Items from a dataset

<<<<

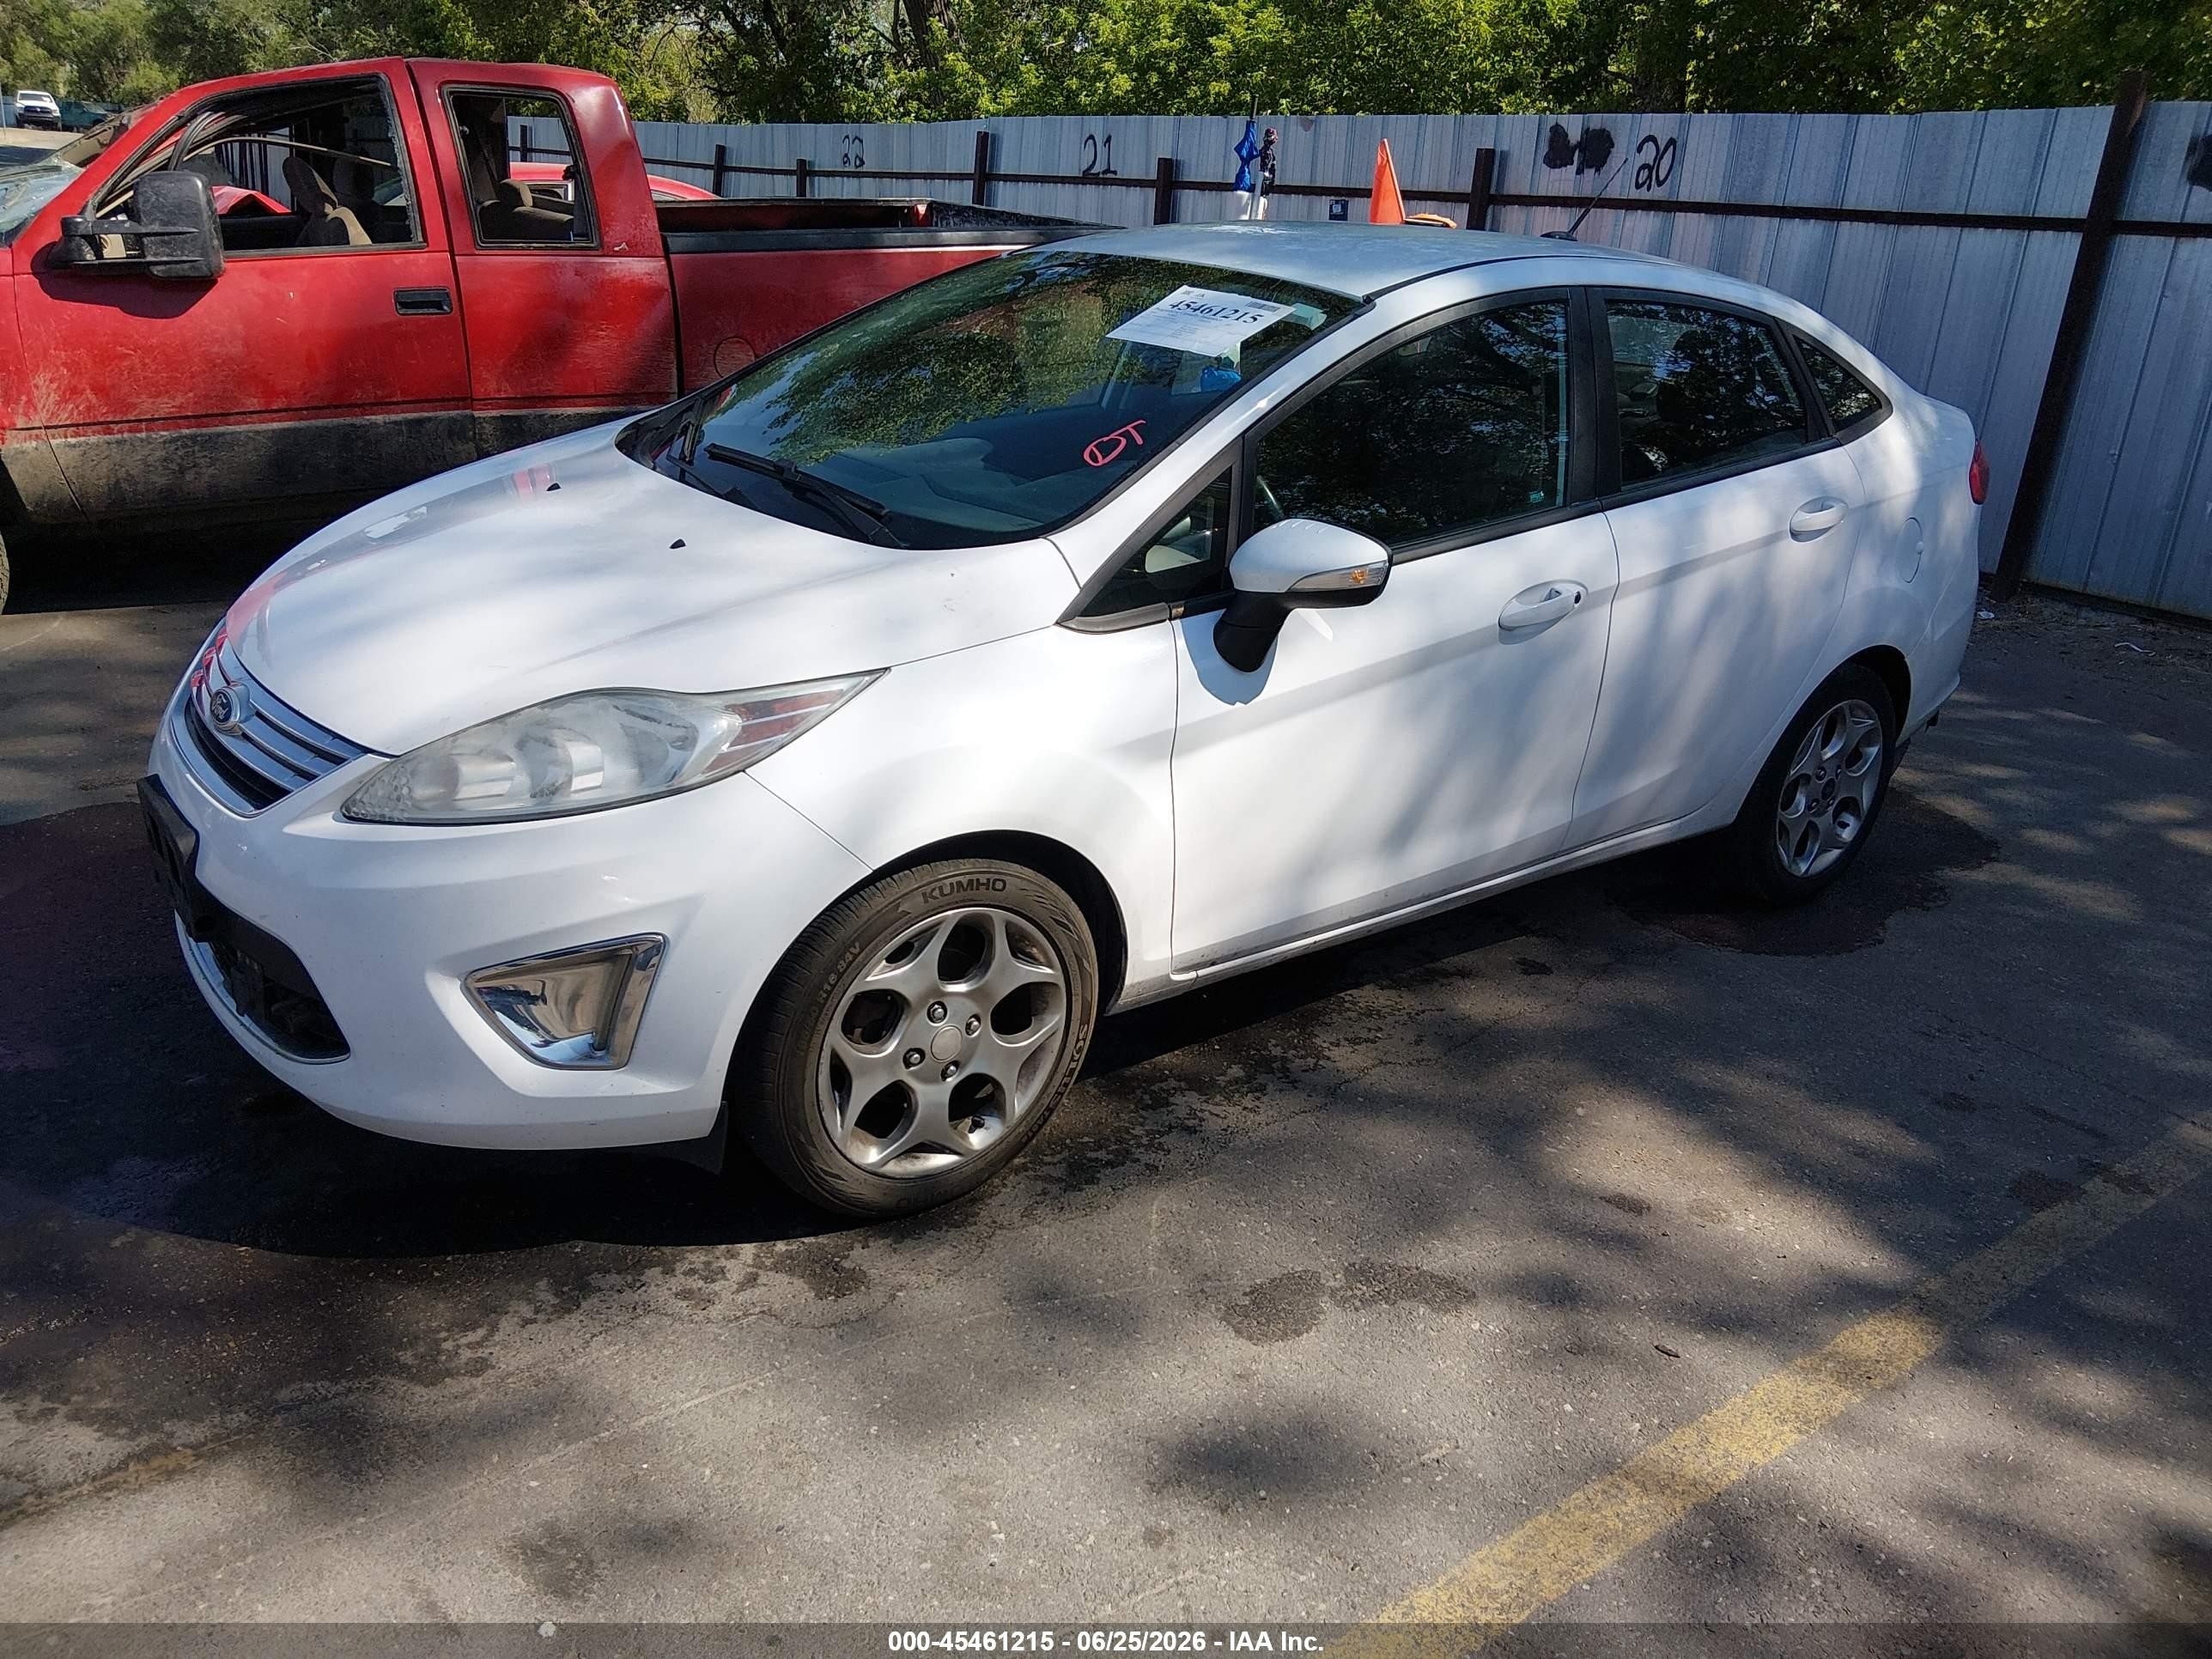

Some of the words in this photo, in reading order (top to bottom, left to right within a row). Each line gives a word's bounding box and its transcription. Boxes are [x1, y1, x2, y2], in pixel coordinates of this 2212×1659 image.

[842, 134, 865, 168] 22
[1083, 134, 1117, 176] 21
[1635, 135, 1676, 192] 20
[1169, 301, 1264, 324] 45461215
[921, 878, 1006, 904] KUMHO
[1049, 1023, 1088, 1109] SOLUS

>>>>

◆ ACTIVITY ◆
For this exercise, retype the data above exactly and skip every image.

◆ SOLVED PROBLEM ◆
Some of the words in this photo, in reading order (top to bottom, left to right within a row). Each line gives a word's bounding box and its transcription. Boxes are [x1, y1, x2, y2], in pixel coordinates of this 2212×1659 image.

[842, 134, 865, 168] 22
[1083, 134, 1117, 176] 21
[1635, 135, 1676, 192] 20
[1169, 301, 1264, 324] 45461215
[921, 878, 1006, 904] KUMHO
[1049, 1023, 1088, 1109] SOLUS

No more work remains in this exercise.